— Monseigneur, ne me dites plus de ces mots qui m’enivrent; je suis coupable d’avoir voulu vous servir, sans calculer la portée de ma démarche. Je vous aime, en effet, comme une tendre amie, et, comme amie, je vous suis reconnaissante de votre délicatesse mais, hélas!... hélas! jamais vous ne trouverez en moi une maîtresse.

— Marquise!... s’écria Fouquet d’une voix désespérée, pourquoi?
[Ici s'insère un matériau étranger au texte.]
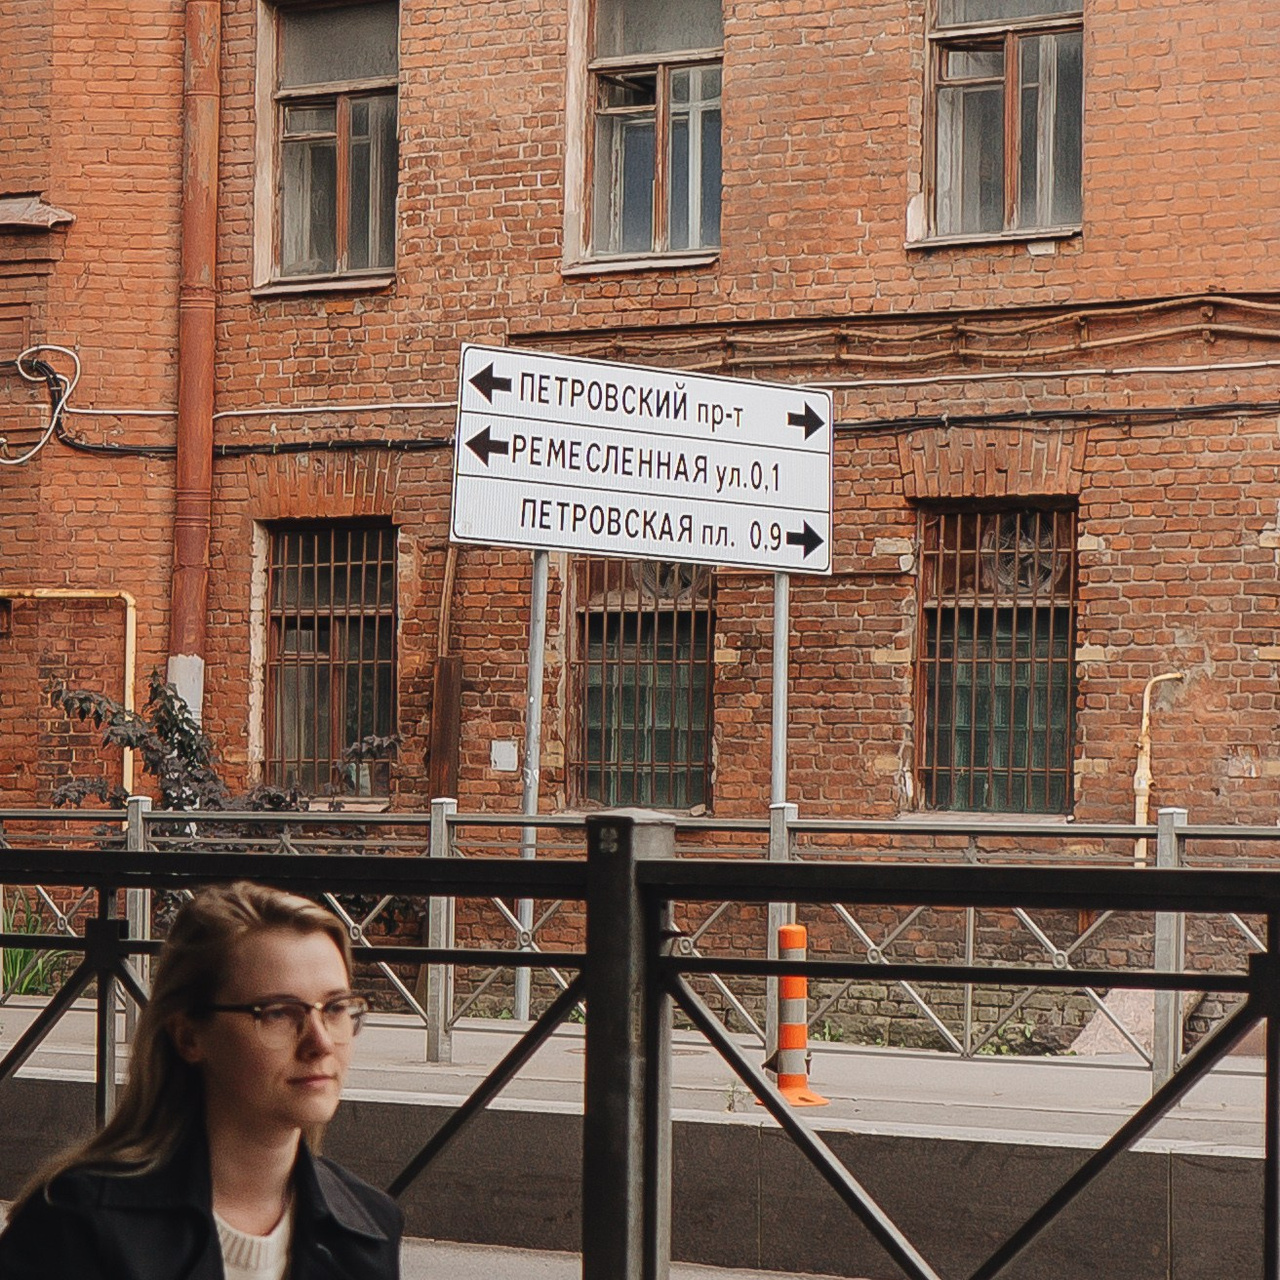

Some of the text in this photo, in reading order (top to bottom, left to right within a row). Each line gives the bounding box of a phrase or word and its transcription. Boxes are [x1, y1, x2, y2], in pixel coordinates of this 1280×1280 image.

[520, 371, 744, 433] ПЕТРОВСКИЙ пр-т
[512, 434, 708, 484] РЕМЕСЛЕННАЯ
[521, 498, 781, 553] ПЕТРОВСКАЯ пл. 0,9
— Parce que vous êtes trop aimé, dit tout bas la jeune femme, parce que vous l’êtes de trop de gens... parce que l’éclat de la gloire et de la fortune blesse mes yeux, tandis que la sombre douleur les attire; parce qu’enfin, moi qui vous ai repoussé dans vos fastueuses magnificences, moi qui vous ai à peine regardé lorsque vous resplendissiez, j’ai été, comme une femme égarée, me jeter, pour ainsi dire, dans vos bras lorsque je vis un malheur planer sur votre tête... Vous me comprenez maintenant, monseigneur... Redevenez heureux pour que je redevienne chaste de cœur et de pensée: votre infortune me perdrait.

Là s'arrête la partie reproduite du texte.